- **Prompt**: Reproduce the records. Keep every word exact and include no images.
─── Given records
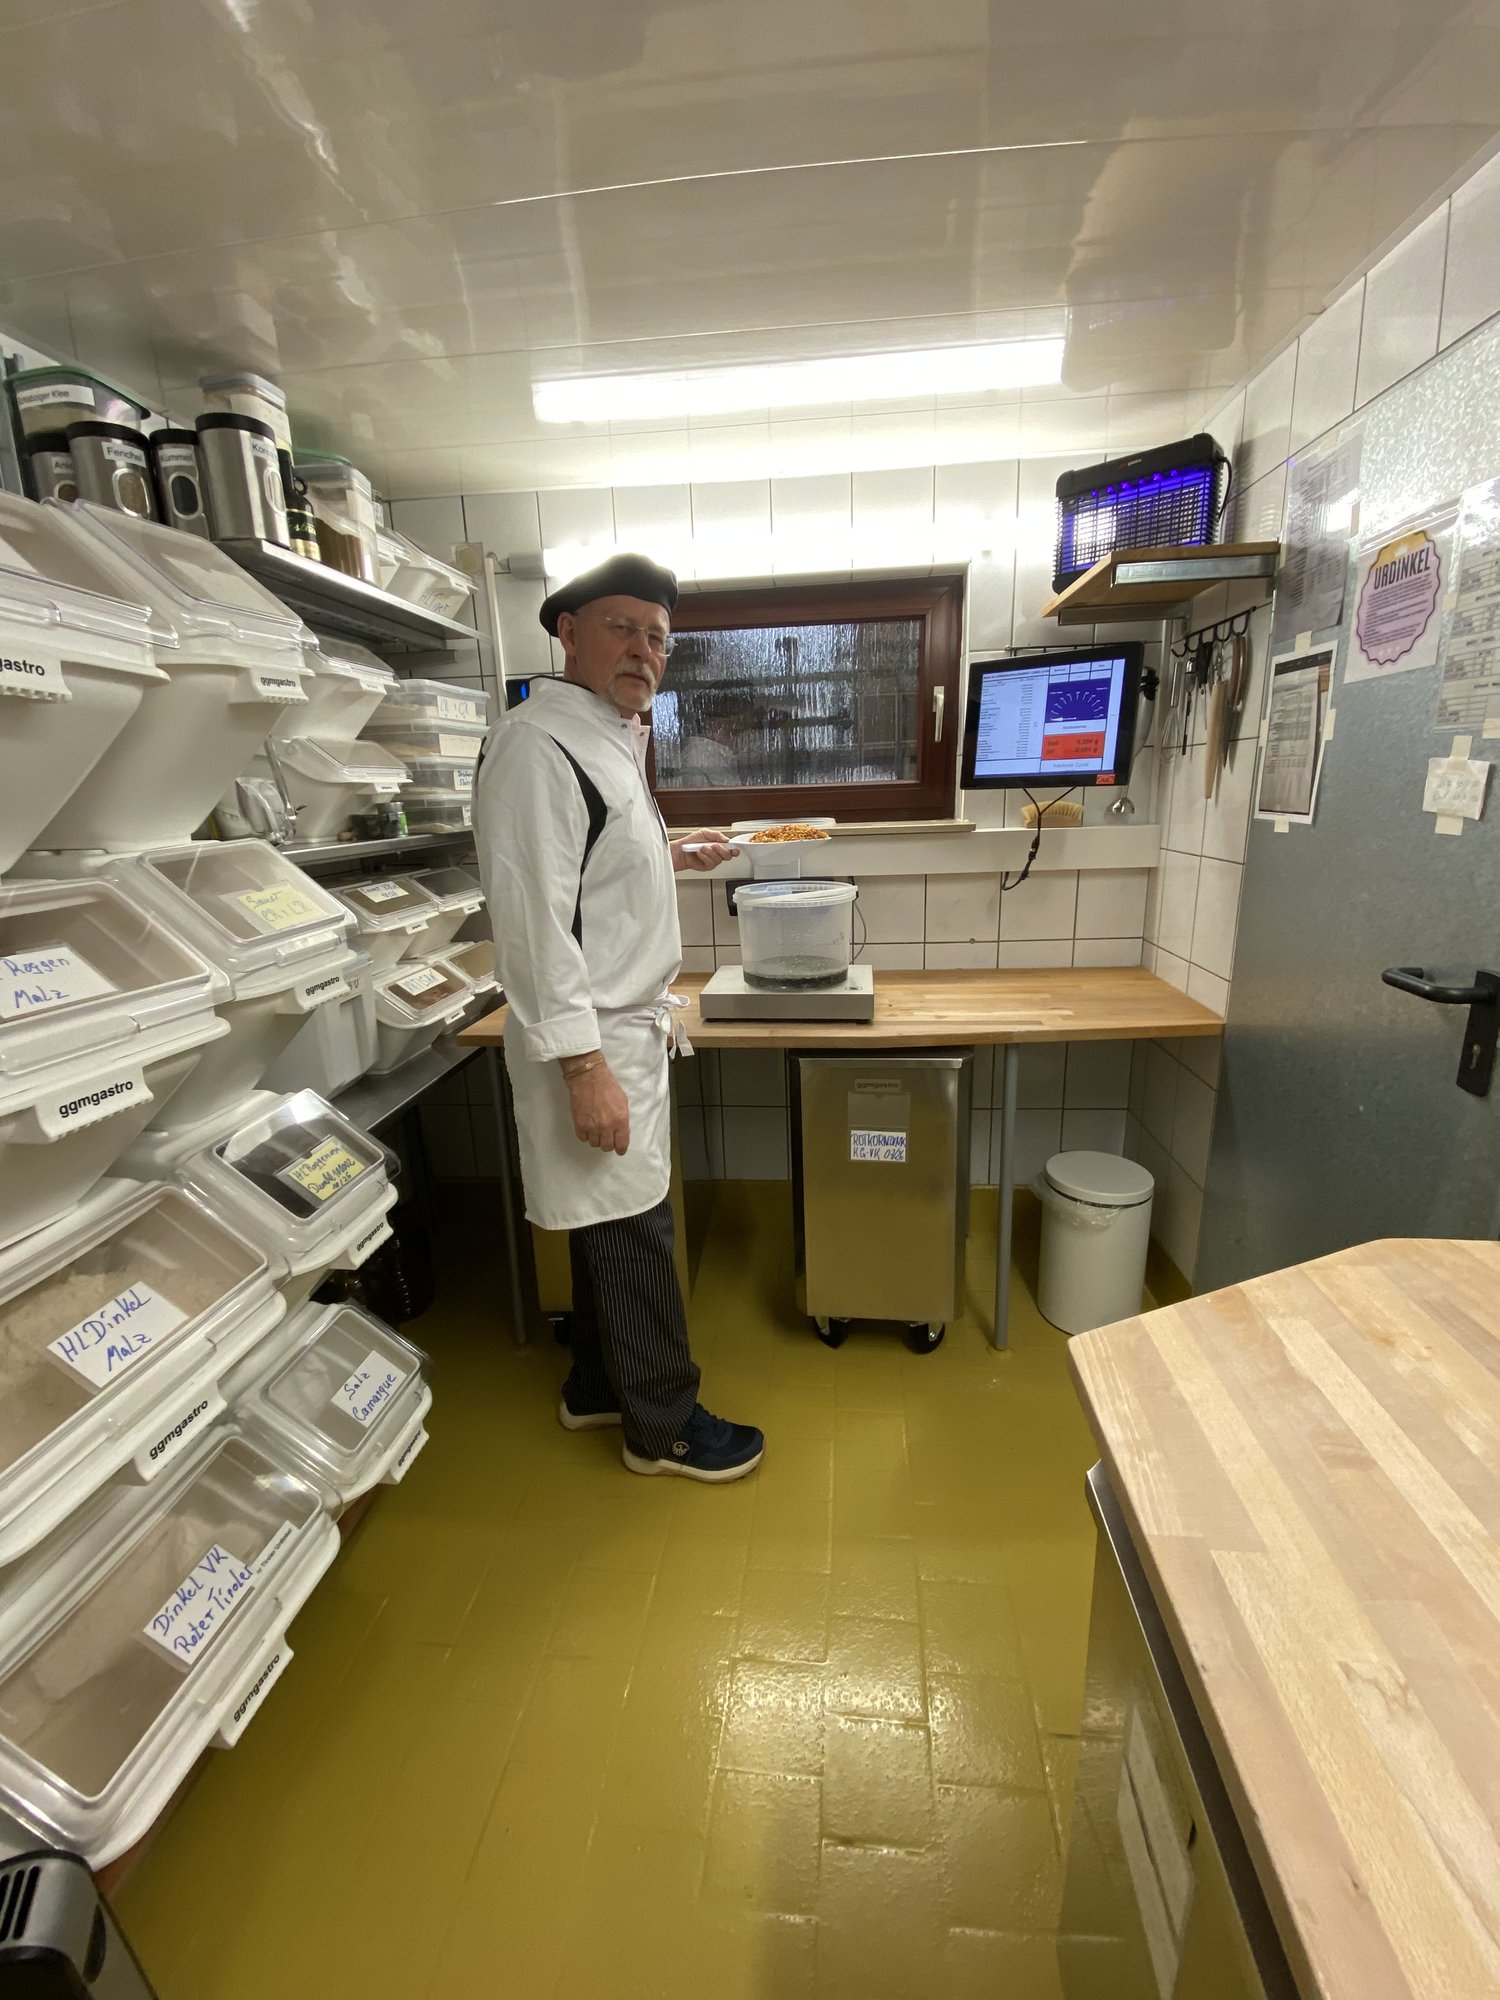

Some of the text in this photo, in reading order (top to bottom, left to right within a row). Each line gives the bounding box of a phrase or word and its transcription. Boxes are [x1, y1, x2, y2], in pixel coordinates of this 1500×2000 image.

[106, 446, 143, 462] Fenchel
[1374, 546, 1430, 590] URDINKEL
[0, 658, 45, 677] astro
[2, 957, 70, 977] Roggen
[305, 976, 340, 997] ggmgastro
[59, 1081, 133, 1118] ggmgastro
[356, 1222, 384, 1252] ggmgastro
[57, 1331, 90, 1362] HL
[344, 1372, 370, 1401] Salz
[352, 1374, 397, 1421] Camargue
[149, 1400, 208, 1460] ggmgastro
[397, 1430, 421, 1467] ggmgastro
[153, 1547, 229, 1637] Dinkel VK
[173, 1608, 214, 1654] Roter
[234, 1654, 279, 1723] ggmgastro
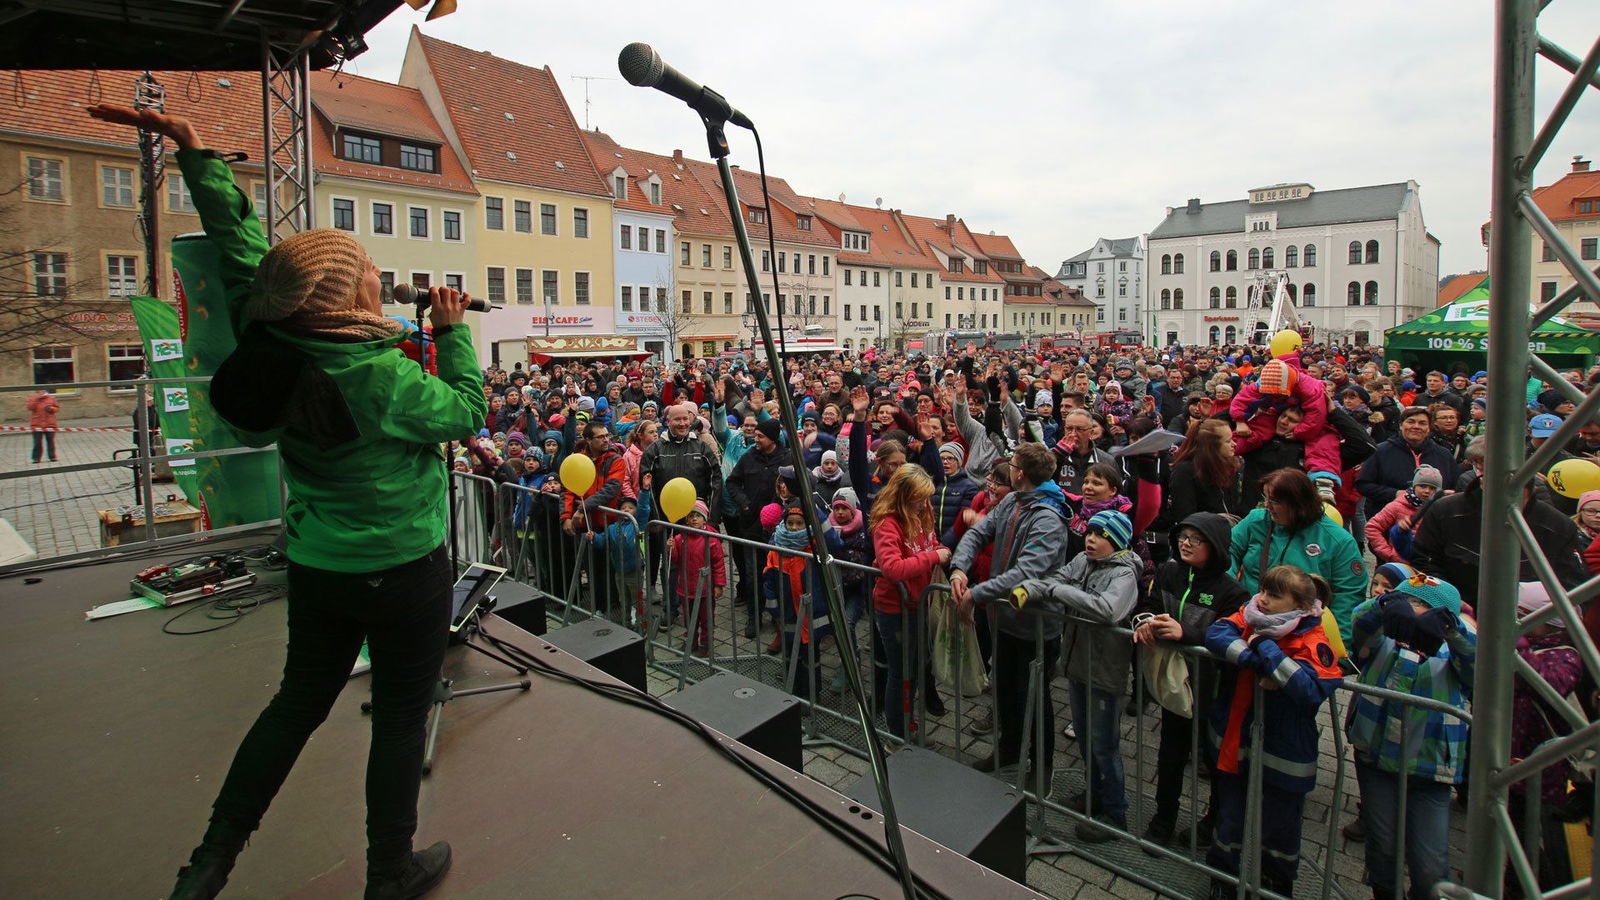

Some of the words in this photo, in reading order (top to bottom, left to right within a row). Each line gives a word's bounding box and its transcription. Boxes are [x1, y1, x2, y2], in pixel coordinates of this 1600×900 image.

[532, 316, 548, 324] EIS
[1427, 337, 1452, 349] 100
[1458, 338, 1475, 350] %
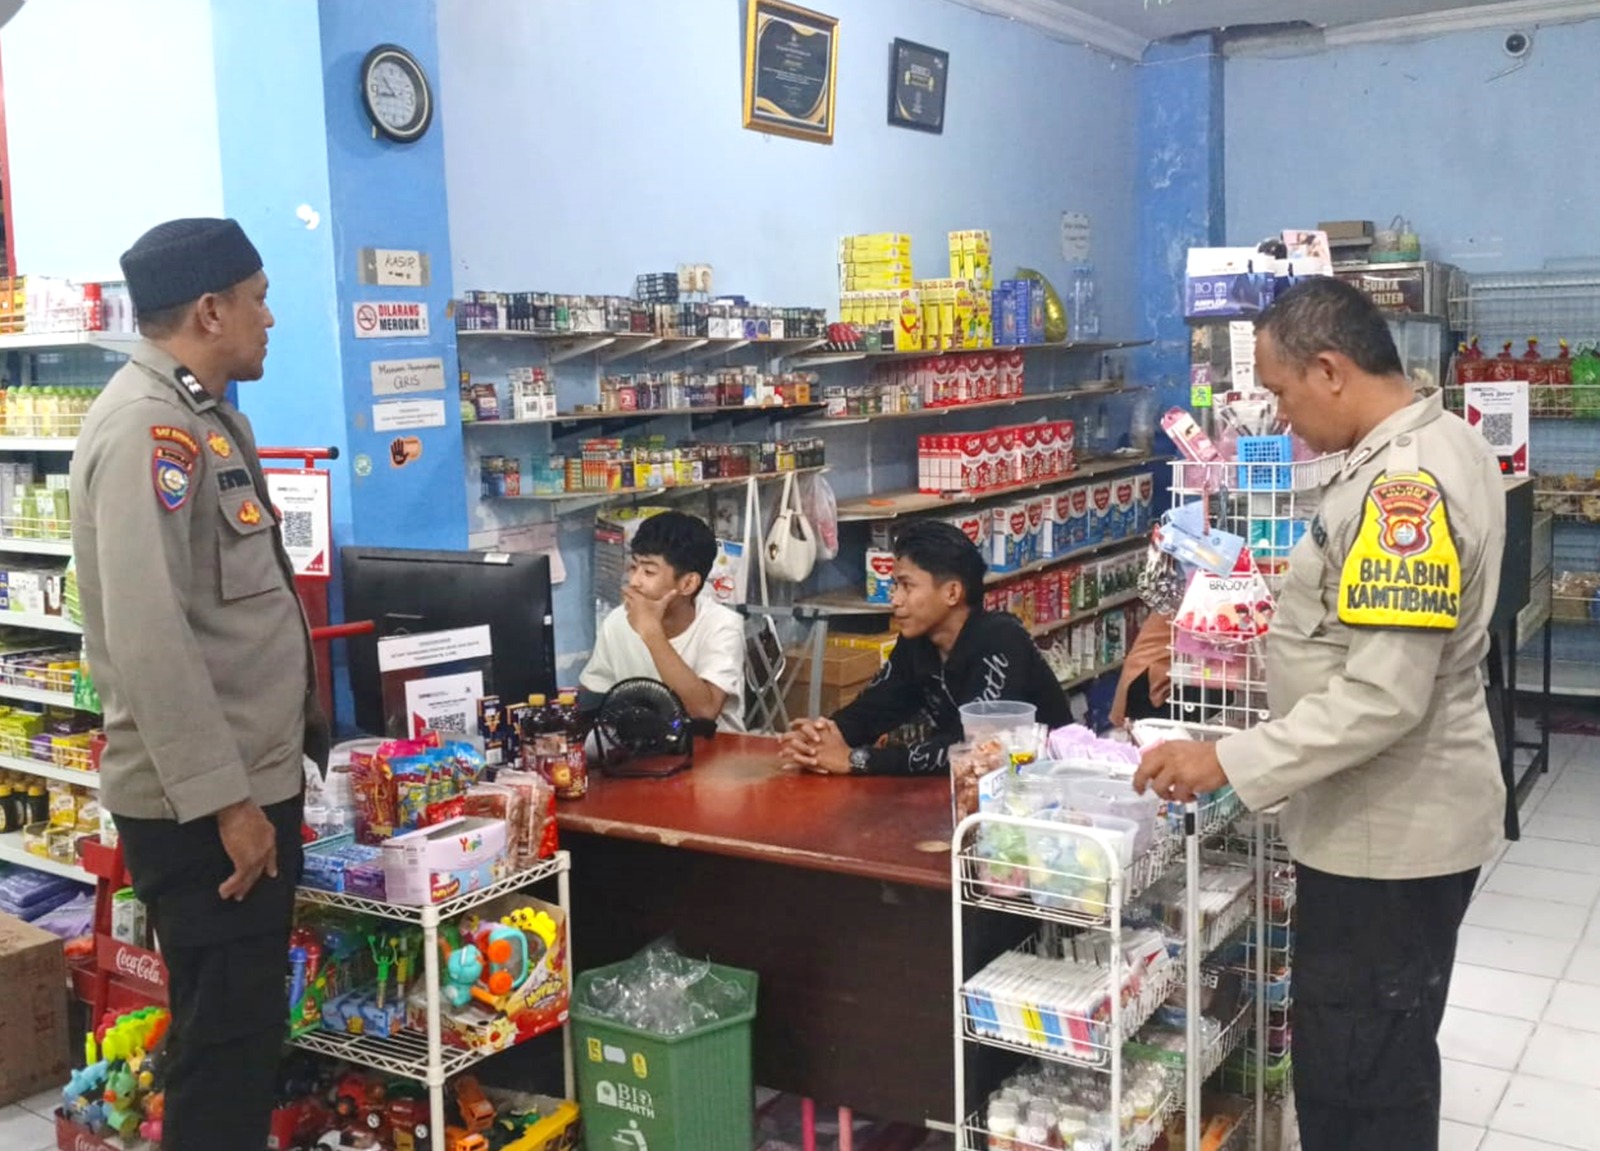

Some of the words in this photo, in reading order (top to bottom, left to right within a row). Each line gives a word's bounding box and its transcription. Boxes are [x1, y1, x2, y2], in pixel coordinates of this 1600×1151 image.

[385, 254, 416, 270] KASIR
[378, 303, 420, 317] DILARANG
[379, 318, 420, 331] MEROKOK
[1360, 558, 1449, 589] BHABIN
[1346, 584, 1458, 617] KAMTIBMAS
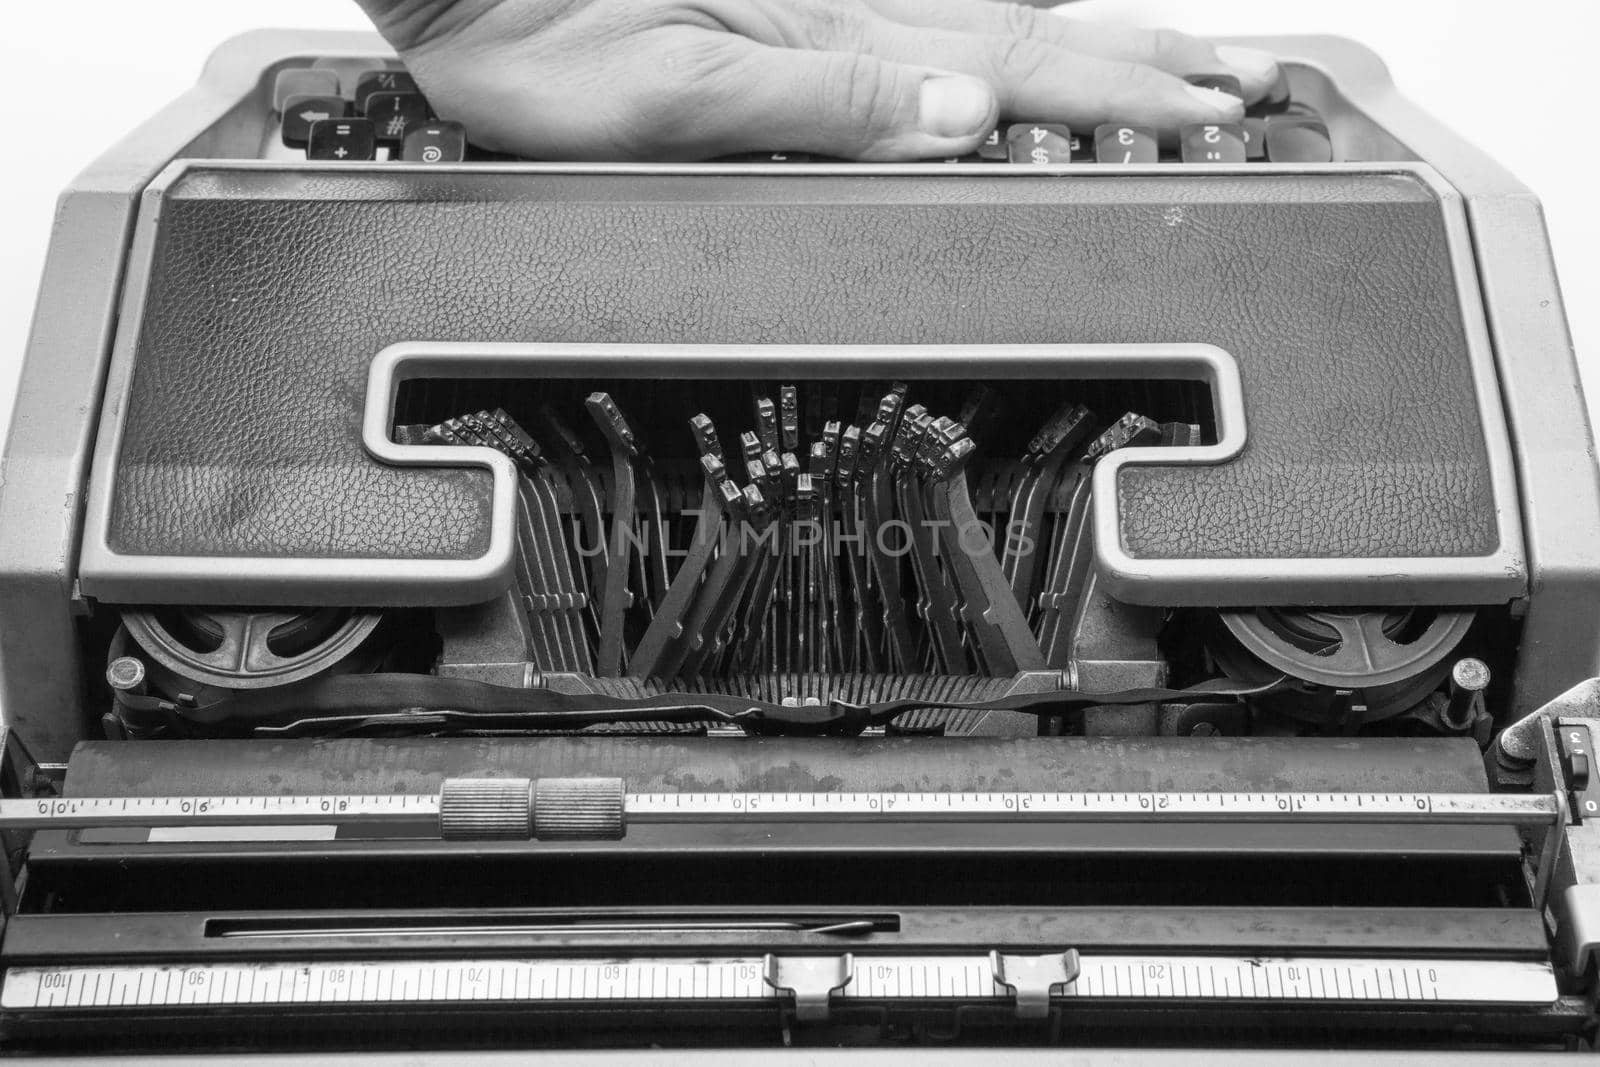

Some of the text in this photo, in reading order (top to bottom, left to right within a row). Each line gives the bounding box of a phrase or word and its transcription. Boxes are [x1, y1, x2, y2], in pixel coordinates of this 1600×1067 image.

[386, 115, 406, 136] #
[1203, 125, 1221, 143] 2
[985, 130, 999, 145] F
[1030, 126, 1049, 144] 4
[1118, 128, 1134, 145] 3
[422, 145, 443, 163] @
[1030, 147, 1049, 164] $
[1569, 732, 1582, 743] 3
[38, 798, 1426, 814] 0 10 20 30 40 50 80 90 100
[43, 964, 1437, 989] 0 10 20 40 50 60 70 80 90 100
──────
- **Response to the exercise**:
Some of the text in this photo, in reading order (top to bottom, left to right within a row). Each line gives the bounding box of a phrase or word and its transcription. Boxes are [x1, y1, x2, y2], in pixel coordinates of this 1500×2000 image.

[106, 446, 143, 462] Fenchel
[1374, 546, 1430, 590] URDINKEL
[0, 658, 45, 677] astro
[2, 957, 70, 977] Roggen
[305, 976, 340, 997] ggmgastro
[59, 1081, 133, 1118] ggmgastro
[356, 1222, 384, 1252] ggmgastro
[57, 1331, 90, 1362] HL
[344, 1372, 370, 1401] Salz
[352, 1374, 397, 1421] Camargue
[149, 1400, 208, 1460] ggmgastro
[397, 1430, 421, 1467] ggmgastro
[153, 1547, 229, 1637] Dinkel VK
[173, 1608, 214, 1654] Roter
[234, 1654, 279, 1723] ggmgastro

Some of the words in this photo, in reading order (top to bottom, left to right within a row). Each line gives a word's bounding box and its transcription. Boxes are [x1, y1, x2, y2], in pixel coordinates of this 1600×900 image.

[532, 316, 548, 324] EIS
[1427, 337, 1452, 349] 100
[1458, 338, 1475, 350] %

Some of the words in this photo, in reading order (top to bottom, left to right within a row). Each line gives a word's bounding box and its transcription. Boxes are [x1, y1, x2, y2], in pixel coordinates of this 1600×1151 image.

[385, 254, 416, 270] KASIR
[378, 303, 420, 317] DILARANG
[379, 318, 420, 331] MEROKOK
[1360, 558, 1449, 589] BHABIN
[1346, 584, 1458, 617] KAMTIBMAS

Some of the text in this photo, in reading order (top to bottom, left to right within a row). Each line gives the bounding box of a phrase or word and its transcription. Boxes are [x1, y1, x2, y2], in pixel coordinates of this 1600×1067 image.

[386, 115, 406, 136] #
[1203, 125, 1221, 143] 2
[985, 130, 999, 145] F
[1030, 126, 1049, 144] 4
[1118, 128, 1134, 145] 3
[422, 145, 443, 163] @
[1030, 147, 1049, 164] $
[1569, 732, 1582, 743] 3
[38, 798, 1426, 814] 0 10 20 30 40 50 80 90 100
[43, 964, 1437, 989] 0 10 20 40 50 60 70 80 90 100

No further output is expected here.